I moved into a new apartment a few months ago and as I boxed up everything I owned, I realized that books and clothes made up the vast majority of my belongings. Obviously I love books–I wouldn’t be a writer if I didn’t–but I also love fashion. Fashion gets a ditzy rep, especially for women, and I’m sure you’ve read your share of books where the main female character pointedly rejects fashion in the author’s attempt to distance herself from ‘other girls’, which is forever one of my least favorite tropes.
I’ve actually found that working fashion into fantasy not only adds another layer to the world building but also tells the reader a lot about your characters.
Fashion plays a big role in Ash Princess in particular and to find the right aesthetic I searched through a lot of runway collections. You can find these handily collected on Vogue for an array of designers sometimes dating as far back as 1991 and a lot of them look like something straight out of a fantasy novel. Don’t believe me?
Here’s a look from Comme des Garçon’s Spring 2017 collection. Doesn’t that look like it would be right at home in some strange Alice in Wonderland retelling? A completely different world than…
…this dress from Elie Saab’s Spring 2017 collection, which looks like something a princess would wear in a delicate high fantasy.
And if you’re ever low on inspiration, Alexander McQueen’s archives are a gold mine.
For Ash Princess, I used a few different designers and collections (below is Reem Acra and Zuhair Murad). In the book, one country conquers another and so there’s a melding of cultures happening. The Kalovaxians used to favor stiff velvets and full silhouettes, but since they’ve been in Astrea, they’ve coopted Astrean fashions, which are more Ancient Greek and Byzantine–lots of draping and intricate gold accents.

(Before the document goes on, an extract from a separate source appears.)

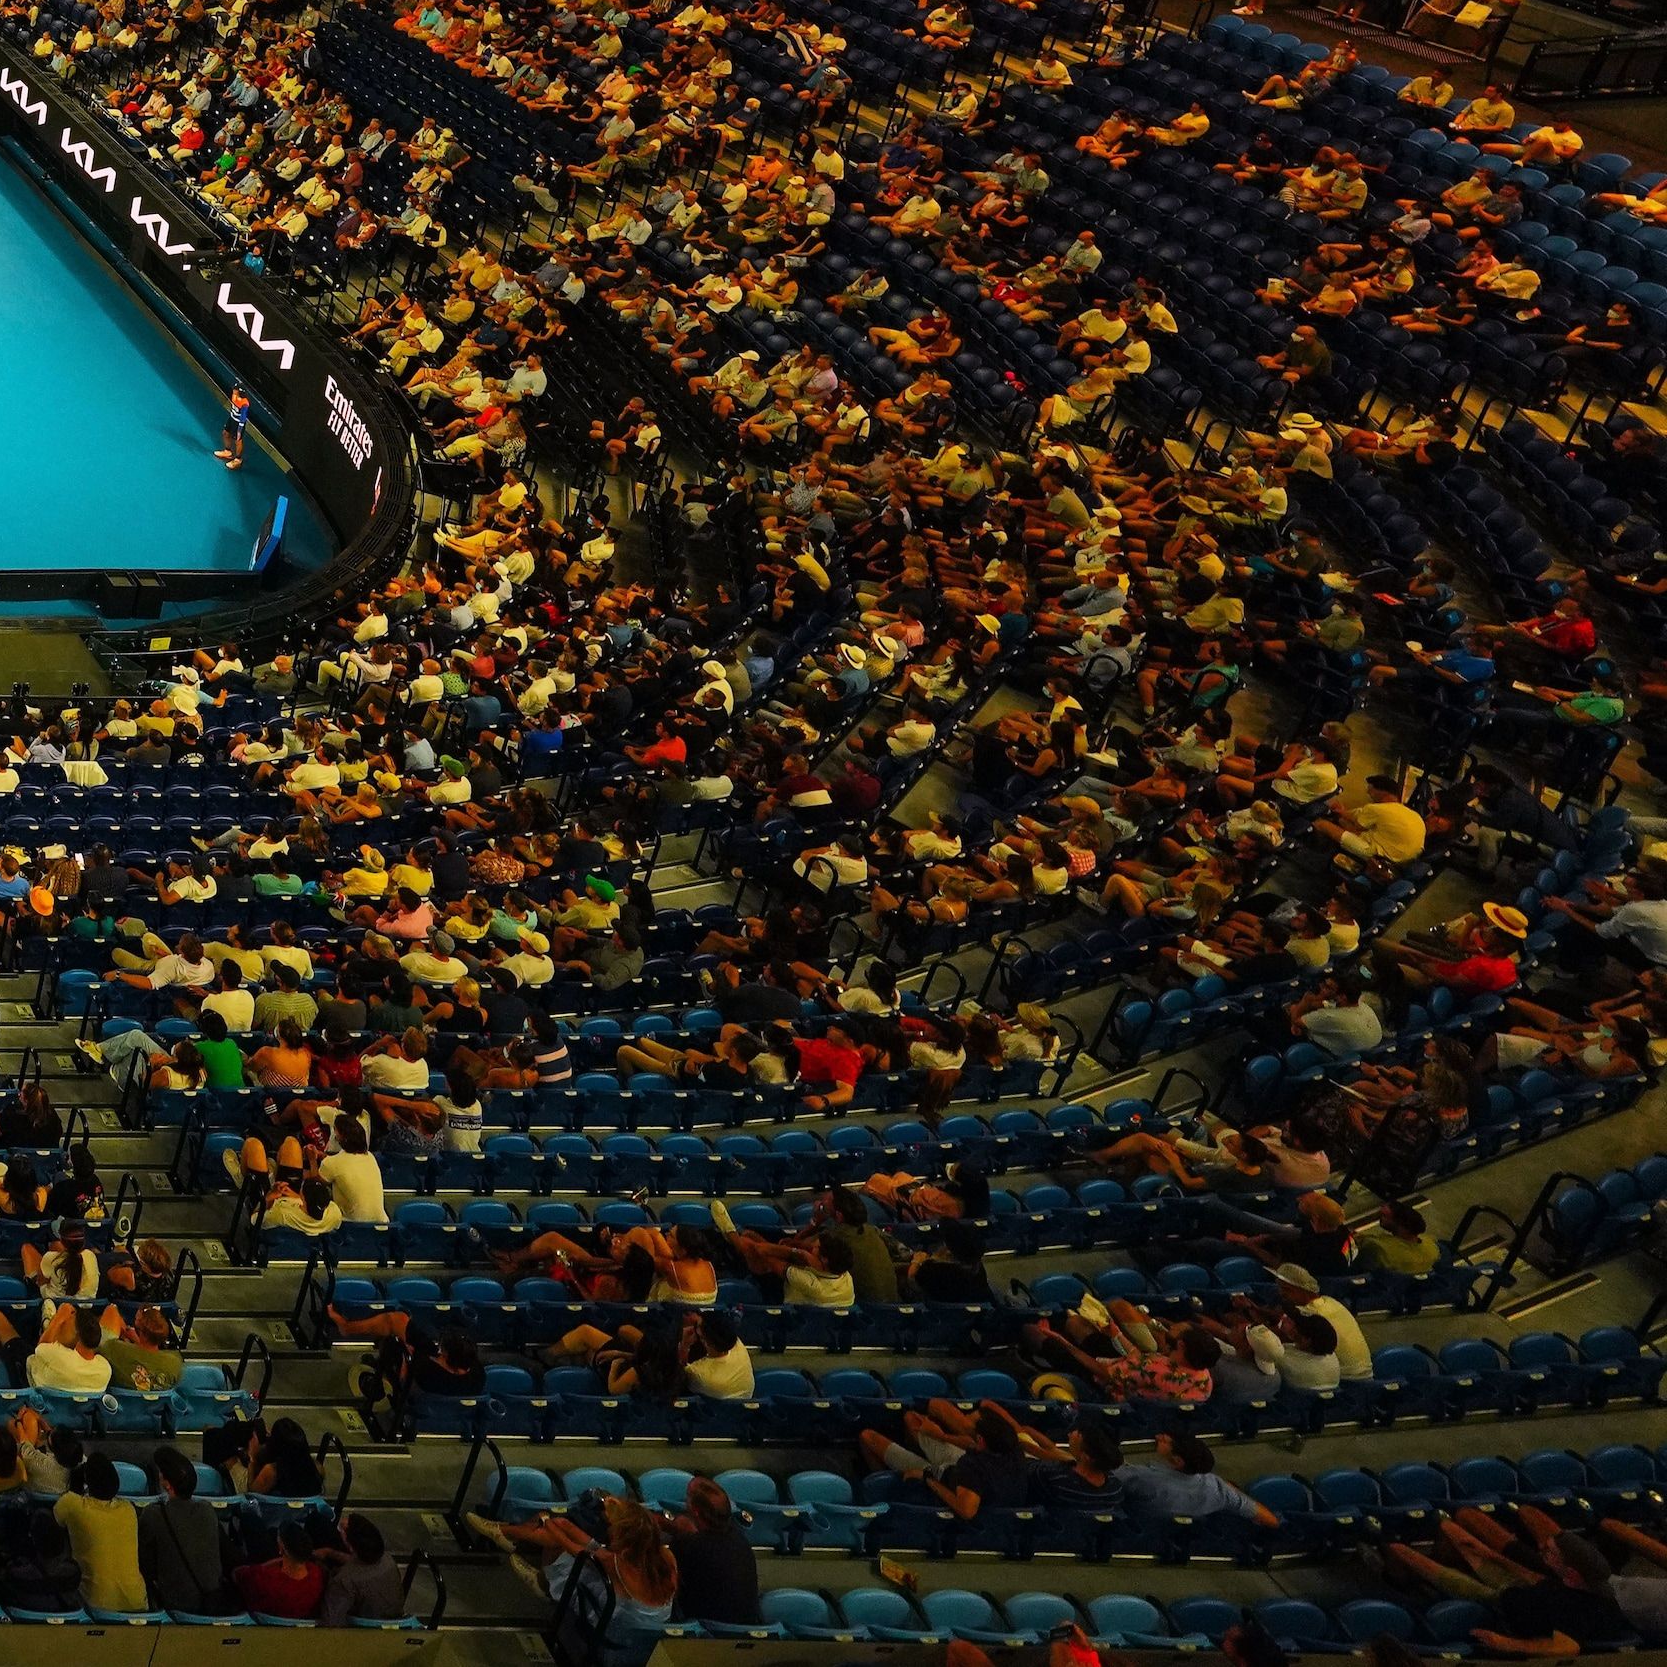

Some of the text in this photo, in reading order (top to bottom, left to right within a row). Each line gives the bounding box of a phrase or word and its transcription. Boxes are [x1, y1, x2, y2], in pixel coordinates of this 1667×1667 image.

[218, 283, 296, 369] KIA
[324, 374, 374, 458] Emirates
[327, 409, 365, 470] FLY BETTER

I think all writers are also painfully familiar with the note “show don’t tell”, and describing what your character wears can be a handy way to do that. Color, for instance, can show us a lot. A character who wears deep red will likely be associated with passion and daring, while a character who opts for a pale blue will probably be thought of as shy and quiet. The same goes for whether their clothes are tight or loose or long or short–every choice says something, even if your character doesn’t realize they’re saying it.
So next time you’re setting up a scene, try asking yourself what your character is wearing. Maybe find pictures of something similar if you’re stuck. I’m not suggesting you describe every detail, which can drastically slow down the pace and come across as boring, but pick the details that matter. A scarlet gown with gold epaulettes, for example, is enough of a description to tell you that the wearer is confident and ready for battle–even if it’s only a battle of wits. A grey tweed suit that doesn’t fit right is all a reader needs to hear to know that someone is uncomfortable in the spotlight.
In short, when we get dressed we are, consciously or not, deciding how we want the world to see us and giving the same decision to your characters can flesh them out as well as the world around them.